====== Extracted entries ======
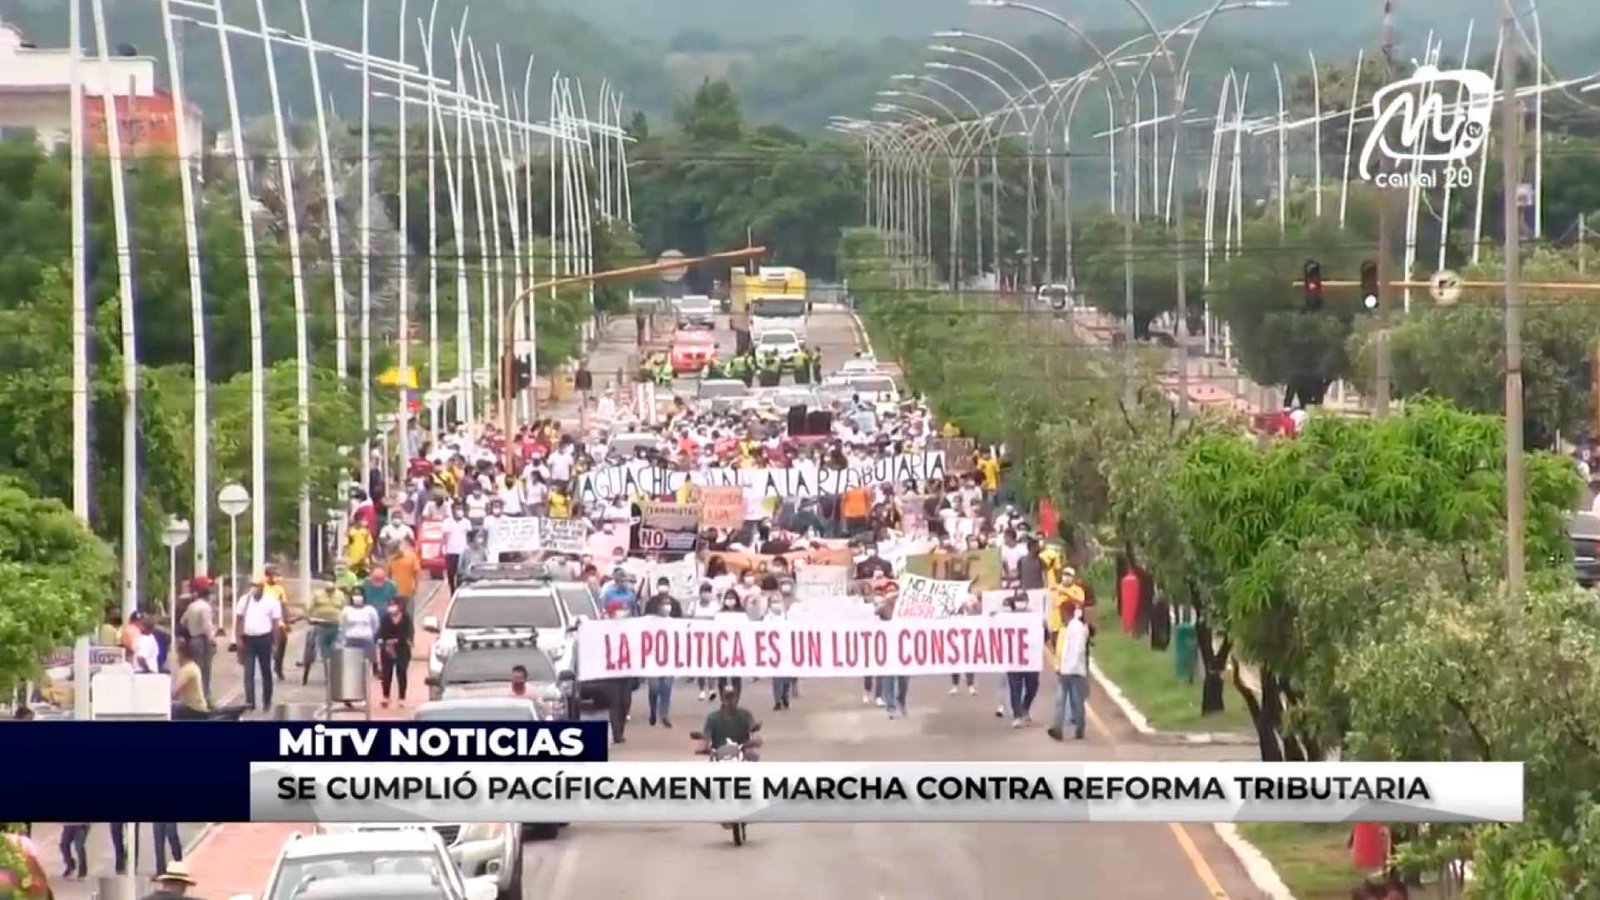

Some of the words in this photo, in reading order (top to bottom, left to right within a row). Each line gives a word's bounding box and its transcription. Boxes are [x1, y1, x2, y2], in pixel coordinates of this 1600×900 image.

[580, 465, 692, 500] AGUACHIC
[641, 530, 664, 546] NO
[604, 633, 632, 671] LA
[640, 624, 746, 668] POLÍTICA
[754, 631, 781, 667] ES
[791, 631, 822, 668] UN
[832, 630, 887, 667] LUTO
[898, 627, 1029, 666] CONSTANTE
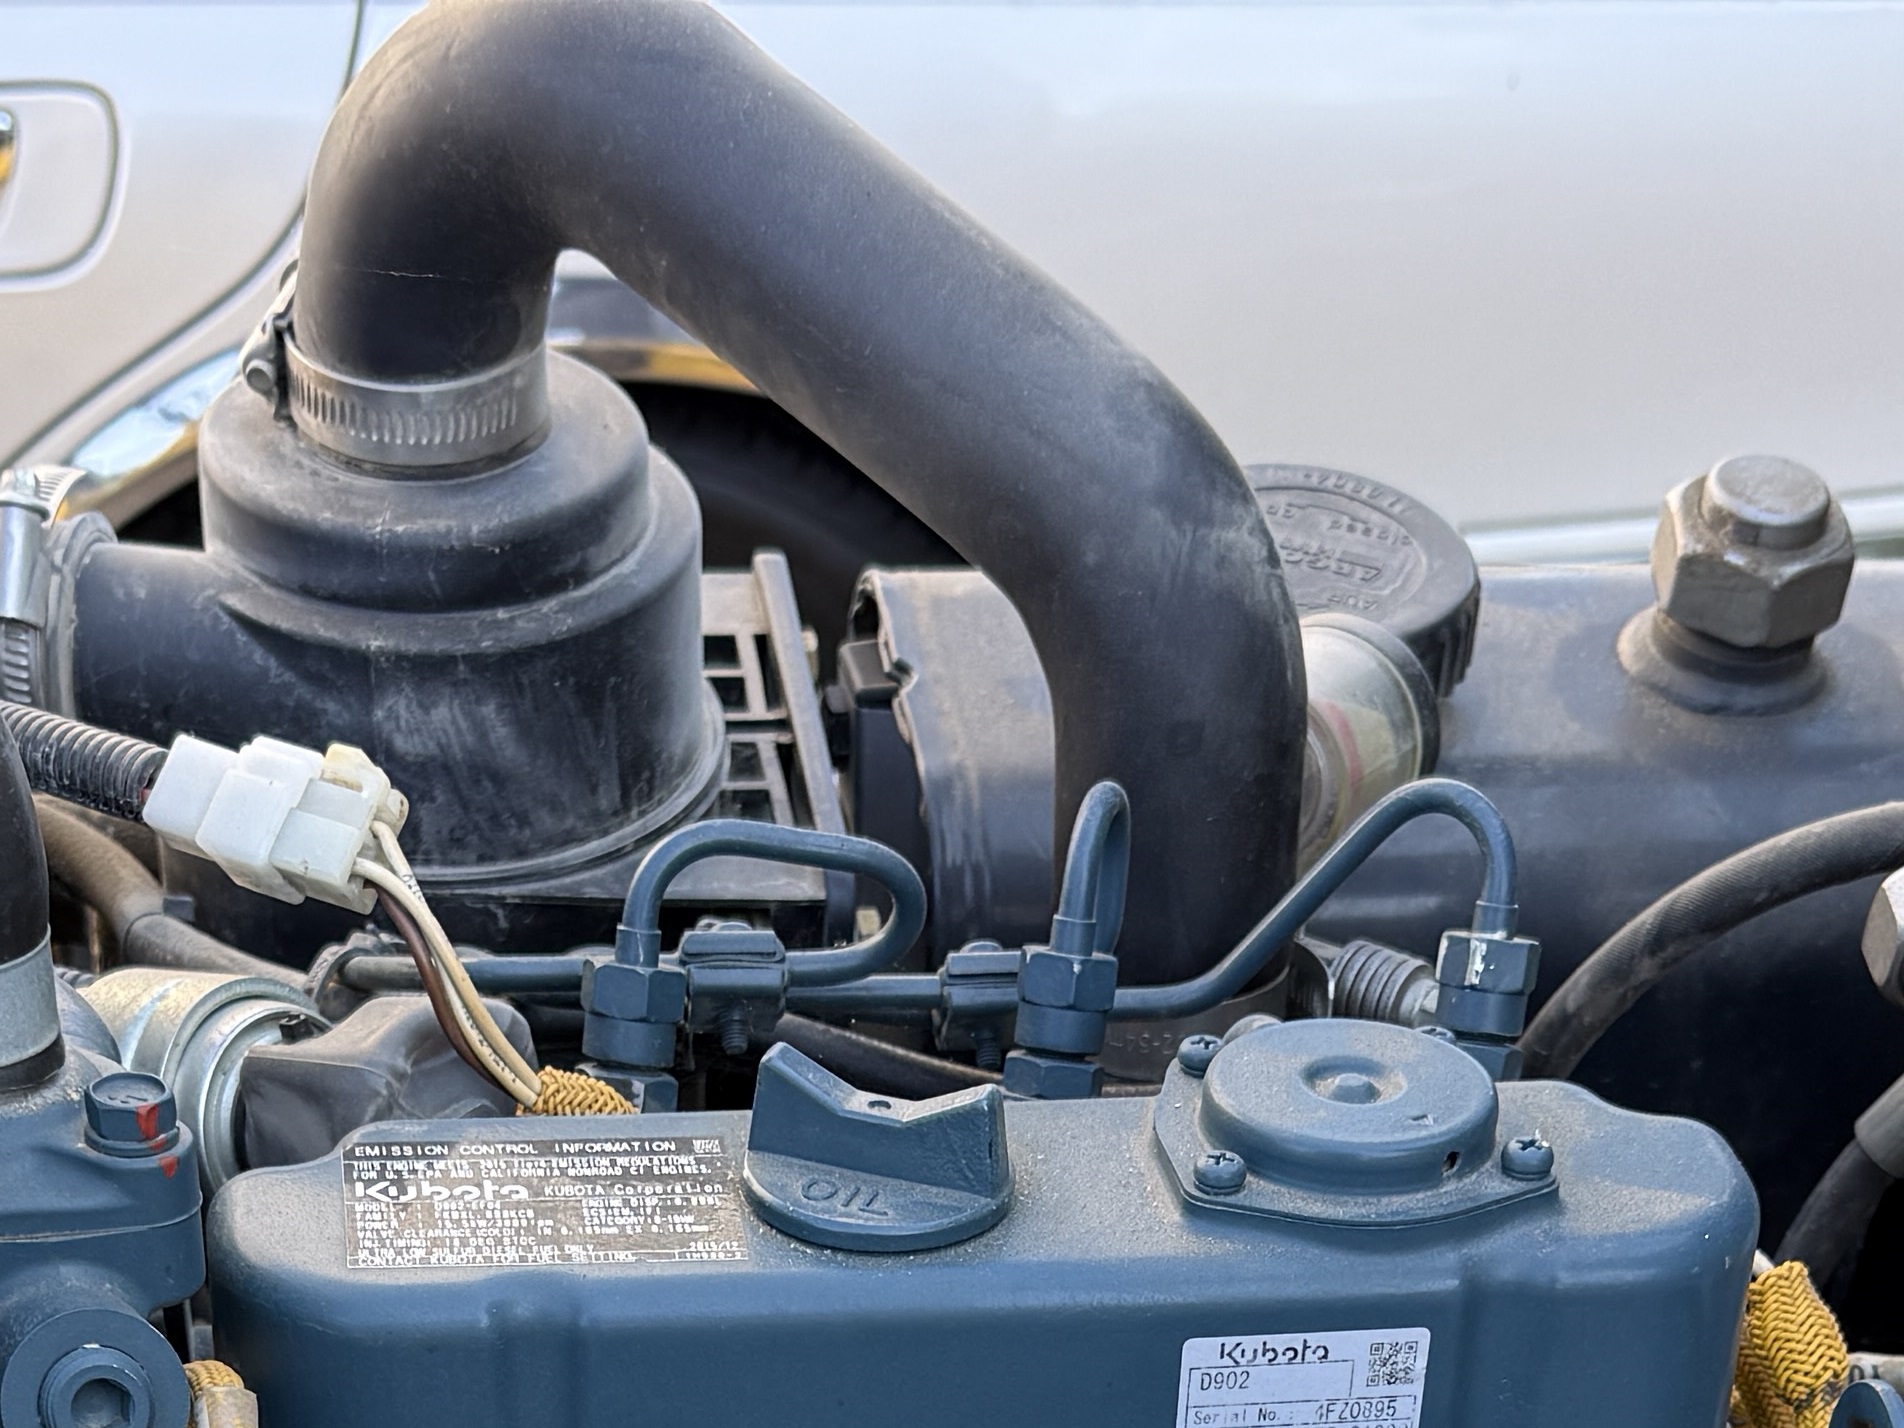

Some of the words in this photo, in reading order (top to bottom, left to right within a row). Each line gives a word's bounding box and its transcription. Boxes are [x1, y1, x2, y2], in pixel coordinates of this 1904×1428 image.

[354, 1145, 449, 1157] EMISSION
[459, 1143, 538, 1155] CONTROL
[555, 1140, 676, 1153] INFORMATION
[354, 1179, 529, 1202] Kubota
[545, 1185, 605, 1197] KUBOTA
[613, 1183, 723, 1195] Corporation
[800, 1178, 889, 1216] OIL
[1219, 1339, 1330, 1365] Kubota
[1200, 1370, 1251, 1391] D902
[1193, 1409, 1247, 1425] Serial
======
• What the task requires:
Would you please copy the lines above, from the one holding "this 1904×1428 image." through the last, and nothing else?

• Result:
Some of the words in this photo, in reading order (top to bottom, left to right within a row). Each line gives a word's bounding box and its transcription. Boxes are [x1, y1, x2, y2], in pixel coordinates of this 1904×1428 image.

[354, 1145, 449, 1157] EMISSION
[459, 1143, 538, 1155] CONTROL
[555, 1140, 676, 1153] INFORMATION
[354, 1179, 529, 1202] Kubota
[545, 1185, 605, 1197] KUBOTA
[613, 1183, 723, 1195] Corporation
[800, 1178, 889, 1216] OIL
[1219, 1339, 1330, 1365] Kubota
[1200, 1370, 1251, 1391] D902
[1193, 1409, 1247, 1425] Serial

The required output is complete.